____ Recorded information
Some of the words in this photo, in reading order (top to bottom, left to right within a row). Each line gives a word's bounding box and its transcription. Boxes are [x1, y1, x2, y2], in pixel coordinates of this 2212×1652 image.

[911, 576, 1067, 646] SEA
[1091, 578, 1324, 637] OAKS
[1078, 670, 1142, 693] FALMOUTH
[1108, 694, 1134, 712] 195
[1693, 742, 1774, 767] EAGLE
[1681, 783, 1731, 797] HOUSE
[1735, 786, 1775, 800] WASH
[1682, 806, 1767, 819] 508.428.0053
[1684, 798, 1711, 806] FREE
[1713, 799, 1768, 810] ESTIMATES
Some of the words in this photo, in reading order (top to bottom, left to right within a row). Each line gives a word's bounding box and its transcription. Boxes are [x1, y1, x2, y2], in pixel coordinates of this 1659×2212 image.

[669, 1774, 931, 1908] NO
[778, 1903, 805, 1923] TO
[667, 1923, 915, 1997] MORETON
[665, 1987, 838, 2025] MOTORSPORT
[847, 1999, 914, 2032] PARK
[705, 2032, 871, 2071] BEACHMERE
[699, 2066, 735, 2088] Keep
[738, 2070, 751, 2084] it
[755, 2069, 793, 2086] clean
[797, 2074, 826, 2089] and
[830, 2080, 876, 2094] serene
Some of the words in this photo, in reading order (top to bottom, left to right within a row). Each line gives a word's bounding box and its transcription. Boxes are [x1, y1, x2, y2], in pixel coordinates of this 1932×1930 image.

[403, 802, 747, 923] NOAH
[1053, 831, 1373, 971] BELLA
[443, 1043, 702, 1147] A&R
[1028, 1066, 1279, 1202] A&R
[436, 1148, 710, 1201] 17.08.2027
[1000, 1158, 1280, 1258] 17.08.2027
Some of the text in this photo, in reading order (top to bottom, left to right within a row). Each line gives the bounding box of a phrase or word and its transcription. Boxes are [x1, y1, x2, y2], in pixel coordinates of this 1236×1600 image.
________
Problem details -
The answer should consist of all the lines above, retyped exactly.

Answer -
Some of the words in this photo, in reading order (top to bottom, left to right within a row). Each line gives a word's bounding box and its transcription. Boxes are [x1, y1, x2, y2], in pixel coordinates of this 2212×1652 image.

[911, 576, 1067, 646] SEA
[1091, 578, 1324, 637] OAKS
[1078, 670, 1142, 693] FALMOUTH
[1108, 694, 1134, 712] 195
[1693, 742, 1774, 767] EAGLE
[1681, 783, 1731, 797] HOUSE
[1735, 786, 1775, 800] WASH
[1682, 806, 1767, 819] 508.428.0053
[1684, 798, 1711, 806] FREE
[1713, 799, 1768, 810] ESTIMATES
Some of the words in this photo, in reading order (top to bottom, left to right within a row). Each line gives a word's bounding box and its transcription. Boxes are [x1, y1, x2, y2], in pixel coordinates of this 1659×2212 image.

[669, 1774, 931, 1908] NO
[778, 1903, 805, 1923] TO
[667, 1923, 915, 1997] MORETON
[665, 1987, 838, 2025] MOTORSPORT
[847, 1999, 914, 2032] PARK
[705, 2032, 871, 2071] BEACHMERE
[699, 2066, 735, 2088] Keep
[738, 2070, 751, 2084] it
[755, 2069, 793, 2086] clean
[797, 2074, 826, 2089] and
[830, 2080, 876, 2094] serene
Some of the words in this photo, in reading order (top to bottom, left to right within a row). Each line gives a word's bounding box and its transcription. Boxes are [x1, y1, x2, y2], in pixel coordinates of this 1932×1930 image.

[403, 802, 747, 923] NOAH
[1053, 831, 1373, 971] BELLA
[443, 1043, 702, 1147] A&R
[1028, 1066, 1279, 1202] A&R
[436, 1148, 710, 1201] 17.08.2027
[1000, 1158, 1280, 1258] 17.08.2027
Some of the text in this photo, in reading order (top to bottom, left to right within a row). Each line gives the bounding box of a phrase or word and its transcription. Boxes are [x1, y1, x2, y2], in pixel coordinates of this 1236×1600 image.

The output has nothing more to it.